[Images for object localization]
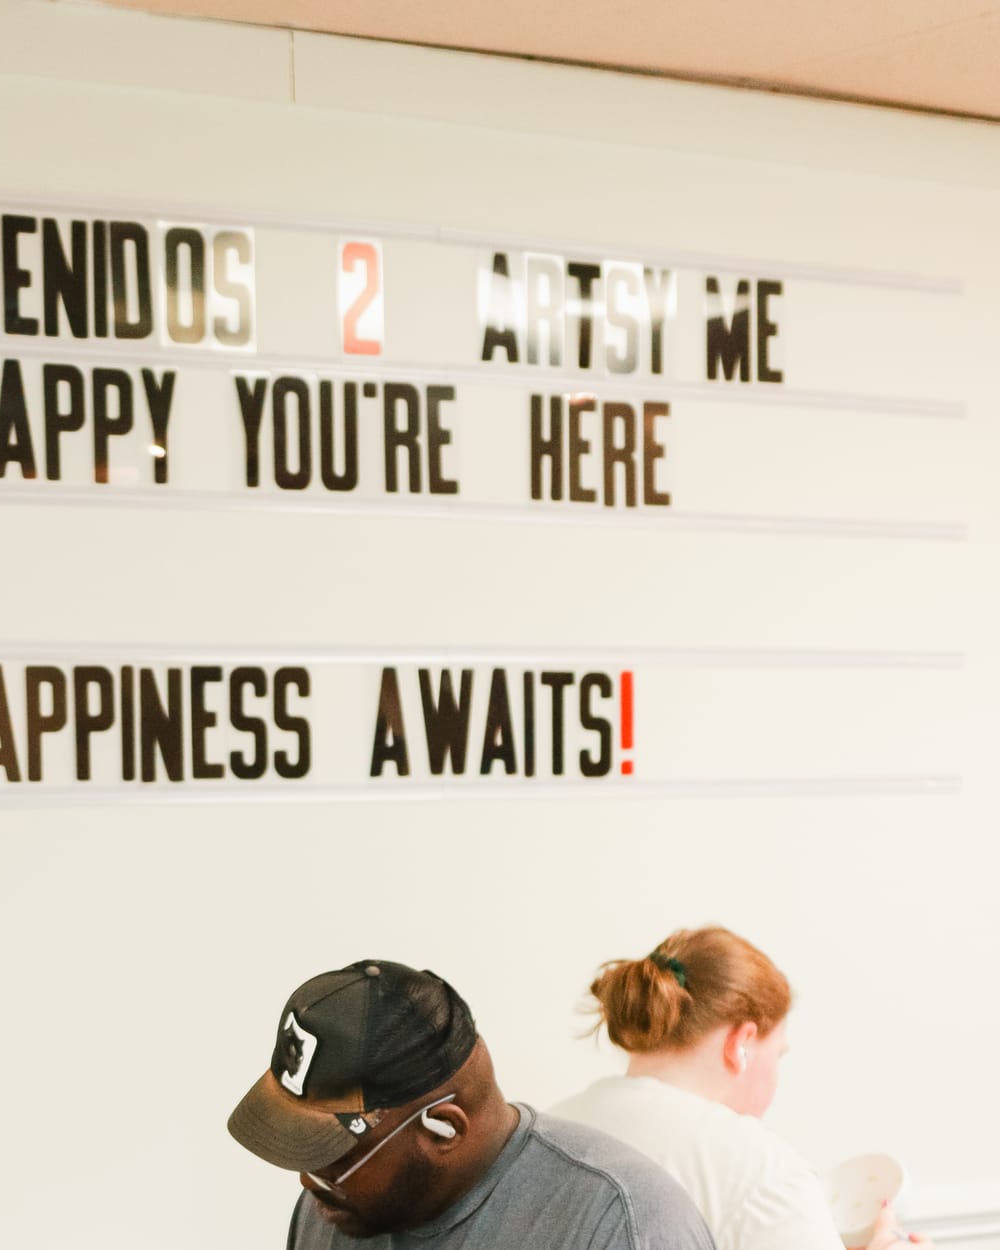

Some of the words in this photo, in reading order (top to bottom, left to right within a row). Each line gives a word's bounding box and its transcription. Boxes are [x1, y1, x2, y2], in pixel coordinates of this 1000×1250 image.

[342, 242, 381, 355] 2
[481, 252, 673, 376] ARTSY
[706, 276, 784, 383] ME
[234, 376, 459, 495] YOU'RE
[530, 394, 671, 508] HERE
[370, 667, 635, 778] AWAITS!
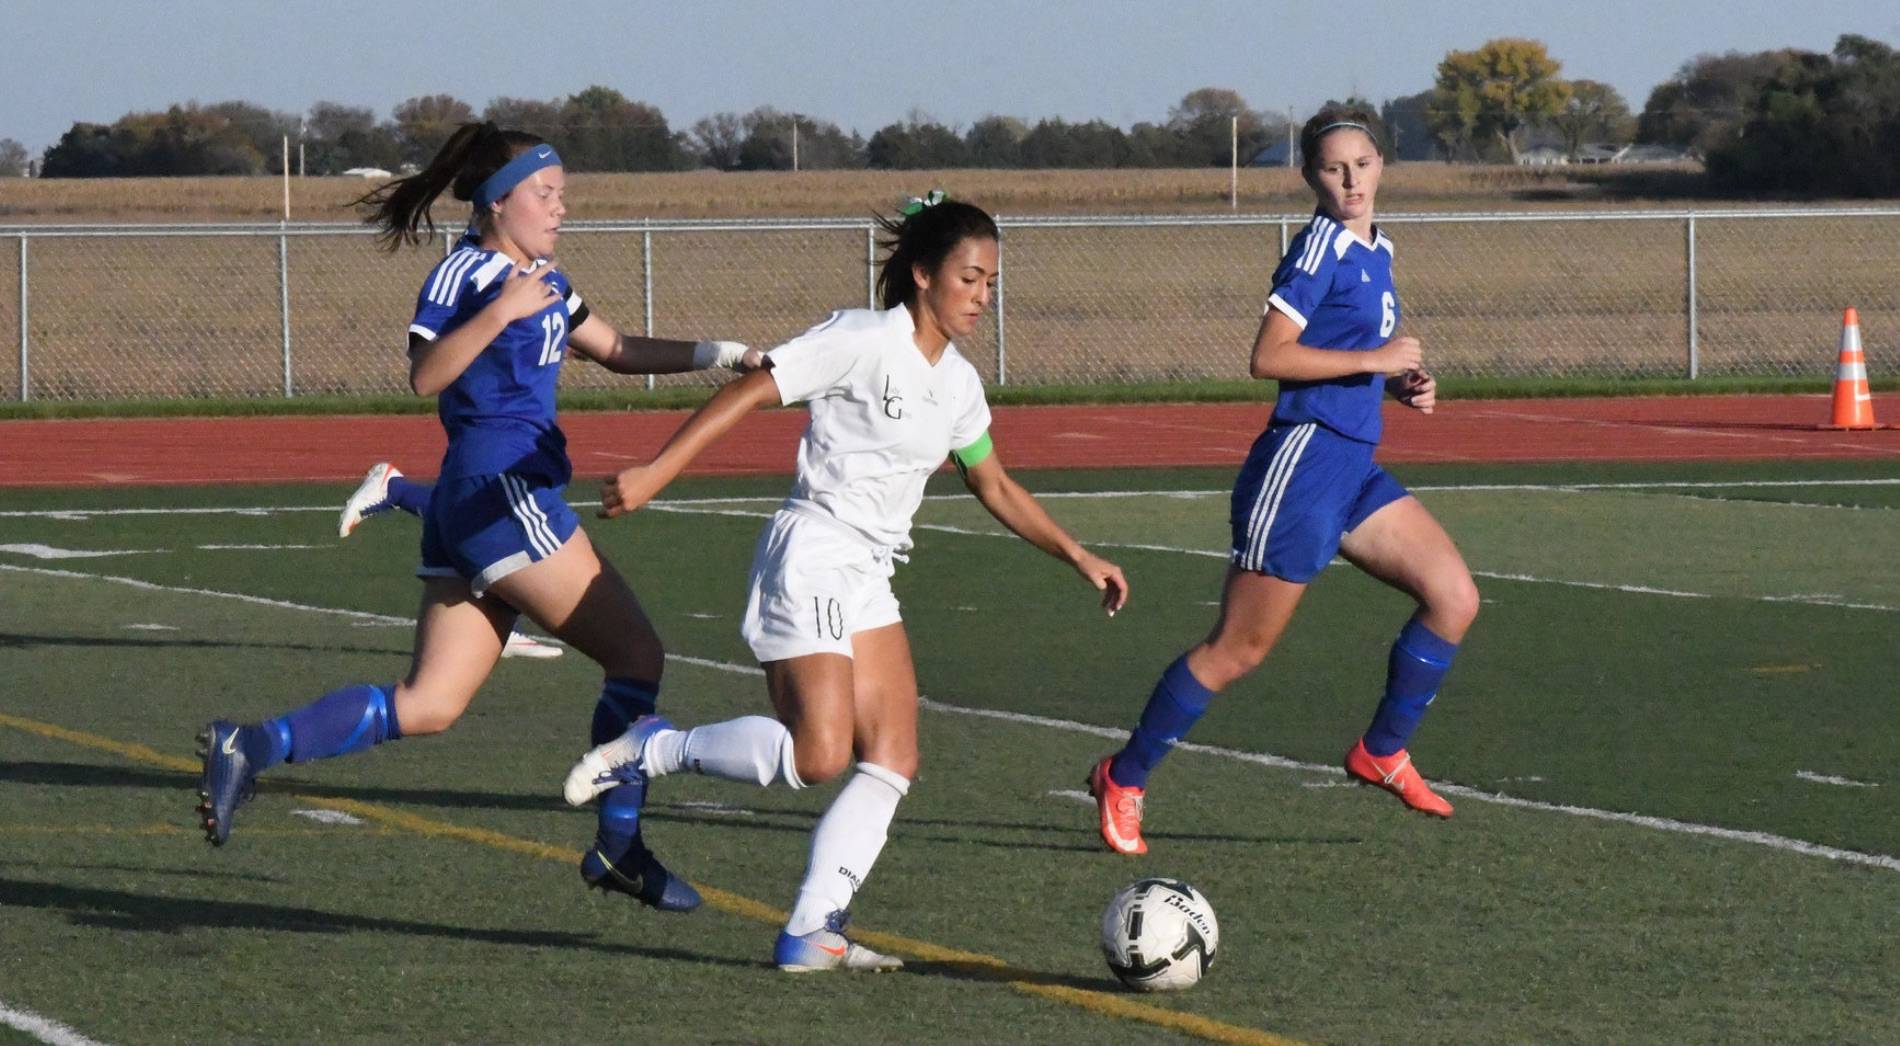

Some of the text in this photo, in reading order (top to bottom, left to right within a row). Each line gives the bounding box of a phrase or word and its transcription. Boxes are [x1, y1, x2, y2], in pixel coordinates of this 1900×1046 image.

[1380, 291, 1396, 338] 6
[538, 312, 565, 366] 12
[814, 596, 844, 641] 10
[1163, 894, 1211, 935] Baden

• Task requirements: Would you restate word for word every line from the one holding "Some of the text" to the end of the entries, both ends included?

• Written answer:
Some of the text in this photo, in reading order (top to bottom, left to right within a row). Each line gives the bounding box of a phrase or word and its transcription. Boxes are [x1, y1, x2, y2], in pixel coordinates of this 1900×1046 image.

[1380, 291, 1396, 338] 6
[538, 312, 565, 366] 12
[814, 596, 844, 641] 10
[1163, 894, 1211, 935] Baden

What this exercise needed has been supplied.